[Items from a dataset]
>>
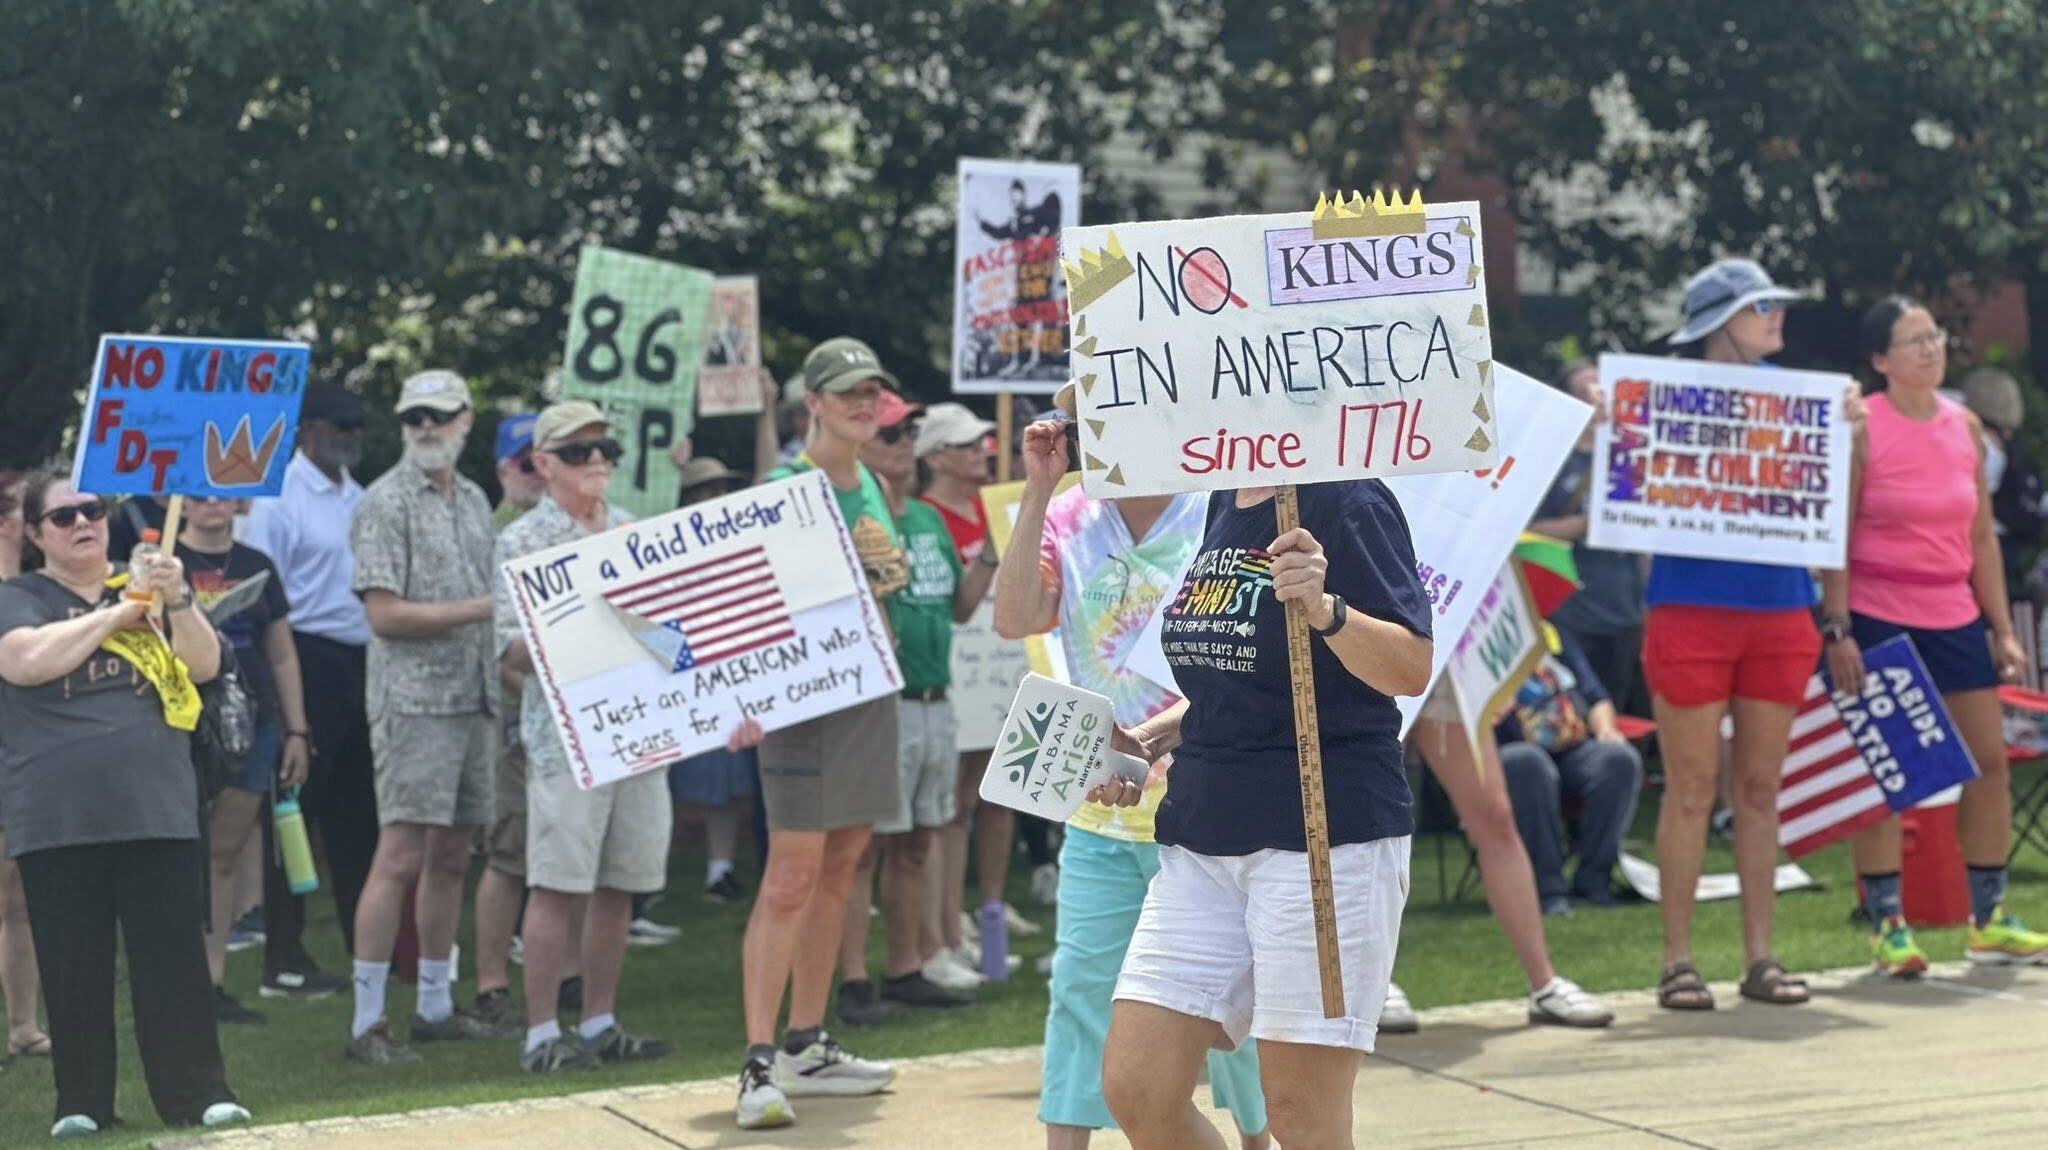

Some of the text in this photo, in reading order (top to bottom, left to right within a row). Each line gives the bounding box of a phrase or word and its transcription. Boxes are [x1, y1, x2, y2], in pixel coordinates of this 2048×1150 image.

[1137, 244, 1232, 321] NO
[1278, 231, 1457, 291] KINGS
[103, 345, 299, 395] NO KINGS
[575, 293, 682, 386] 86
[1092, 315, 1460, 409] IN AMERICA
[94, 400, 123, 443] F
[1180, 398, 1431, 474] since 1776
[1654, 383, 1831, 427] UNDERESTIMATE
[1655, 418, 1694, 445] THE
[115, 429, 147, 473] D
[150, 451, 177, 492] T
[1606, 378, 1651, 502] NEVER
[1648, 483, 1831, 521] MOVEMENT
[1707, 451, 1754, 486] CIVIL
[1758, 456, 1829, 493] RIGHTS
[522, 554, 579, 606] NOT
[600, 561, 619, 580] a
[626, 532, 687, 571] Paid
[580, 628, 862, 732] Just an AMERICAN who
[1211, 643, 1233, 656] SAYS
[1236, 646, 1257, 658] AND
[611, 664, 865, 766] fears for her country
[1863, 671, 1895, 718] NO
[1883, 667, 1945, 748] ABIDE
[1030, 700, 1078, 802] ALABAMA
[1051, 712, 1098, 801] Arise
[1078, 736, 1105, 788] alarise.org
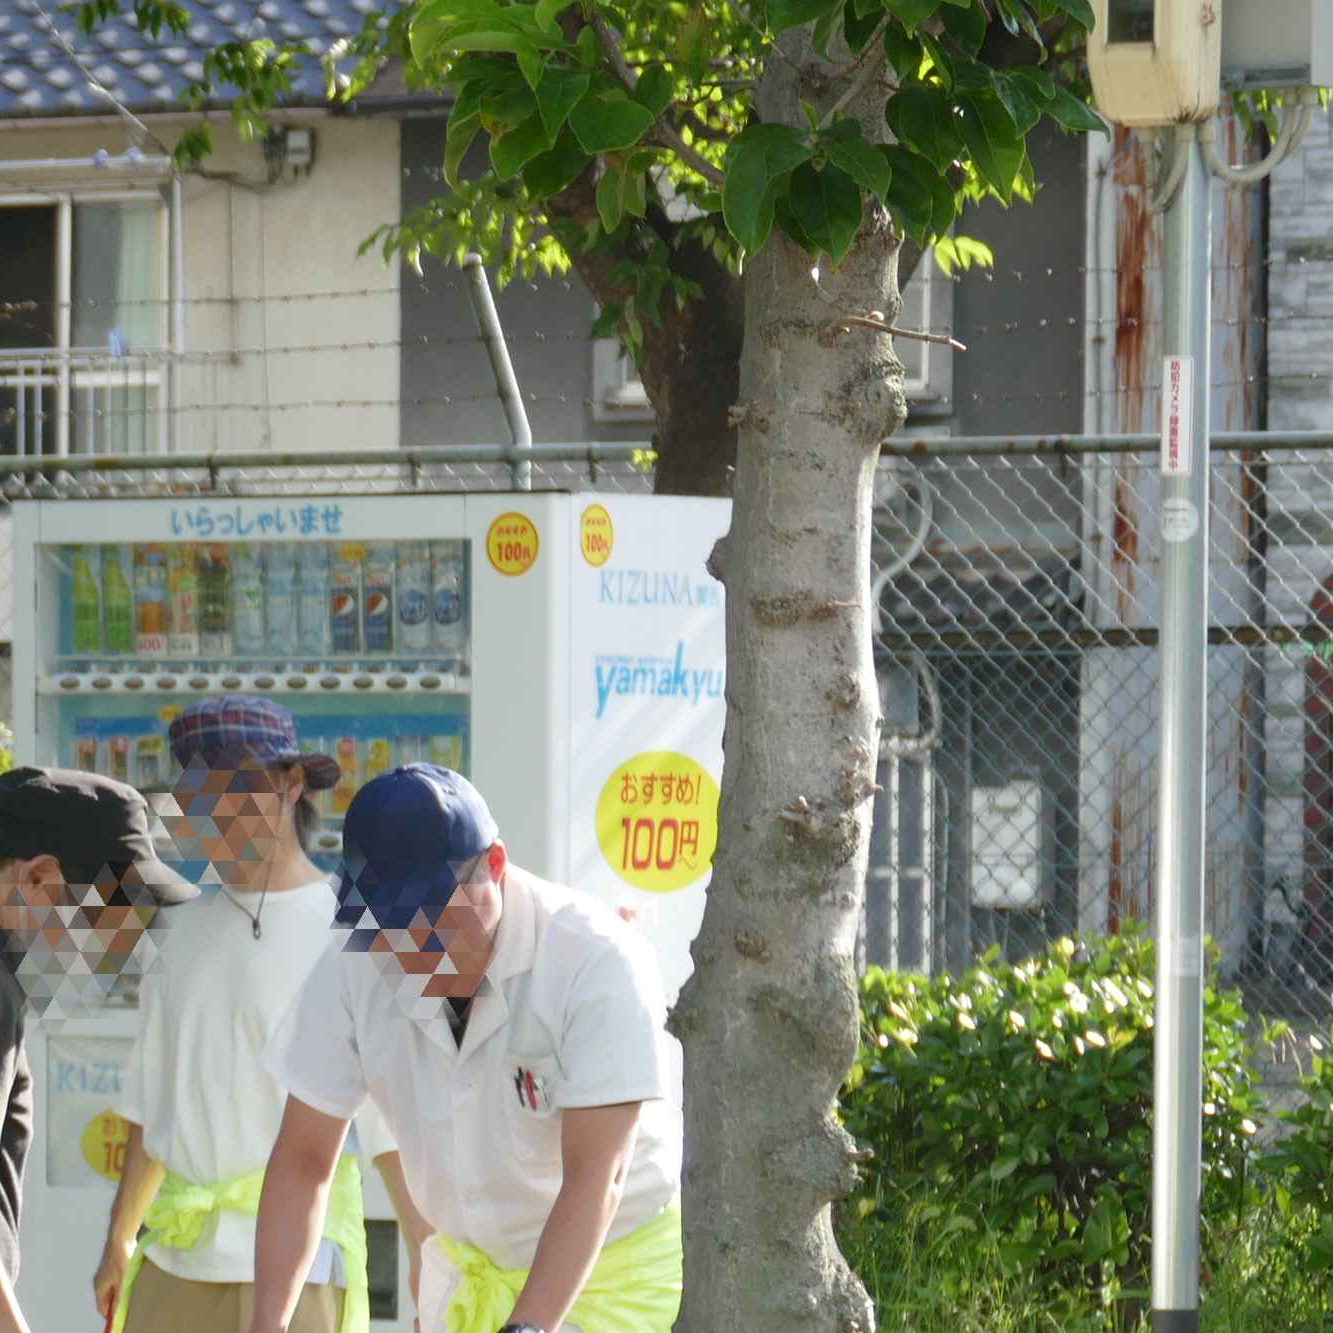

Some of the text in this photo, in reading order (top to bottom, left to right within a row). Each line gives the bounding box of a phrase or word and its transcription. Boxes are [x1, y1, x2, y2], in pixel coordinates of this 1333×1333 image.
<<
PROBLEM DETAILS - Without copying any picture, write out the entries exactly.

WRITTEN SOLUTION -
Some of the text in this photo, in reading order (top to bottom, left to right within a row). Each line gives the bounding box of a phrase or word and its transcription. Boxes are [x1, y1, x2, y2], in pixel coordinates of this 2048×1150 image.

[1137, 244, 1232, 321] NO
[1278, 231, 1457, 291] KINGS
[103, 345, 299, 395] NO KINGS
[575, 293, 682, 386] 86
[1092, 315, 1460, 409] IN AMERICA
[94, 400, 123, 443] F
[1180, 398, 1431, 474] since 1776
[1654, 383, 1831, 427] UNDERESTIMATE
[1655, 418, 1694, 445] THE
[115, 429, 147, 473] D
[150, 451, 177, 492] T
[1606, 378, 1651, 502] NEVER
[1648, 483, 1831, 521] MOVEMENT
[1707, 451, 1754, 486] CIVIL
[1758, 456, 1829, 493] RIGHTS
[522, 554, 579, 606] NOT
[600, 561, 619, 580] a
[626, 532, 687, 571] Paid
[580, 628, 862, 732] Just an AMERICAN who
[1211, 643, 1233, 656] SAYS
[1236, 646, 1257, 658] AND
[611, 664, 865, 766] fears for her country
[1863, 671, 1895, 718] NO
[1883, 667, 1945, 748] ABIDE
[1030, 700, 1078, 802] ALABAMA
[1051, 712, 1098, 801] Arise
[1078, 736, 1105, 788] alarise.org

Some of the text in this photo, in reading order (top to bottom, left to right within a row). Each line gives the bounding box of a phrase or word and its transcription. Boxes are [x1, y1, x2, y2], in pixel coordinates of this 1333×1333 image.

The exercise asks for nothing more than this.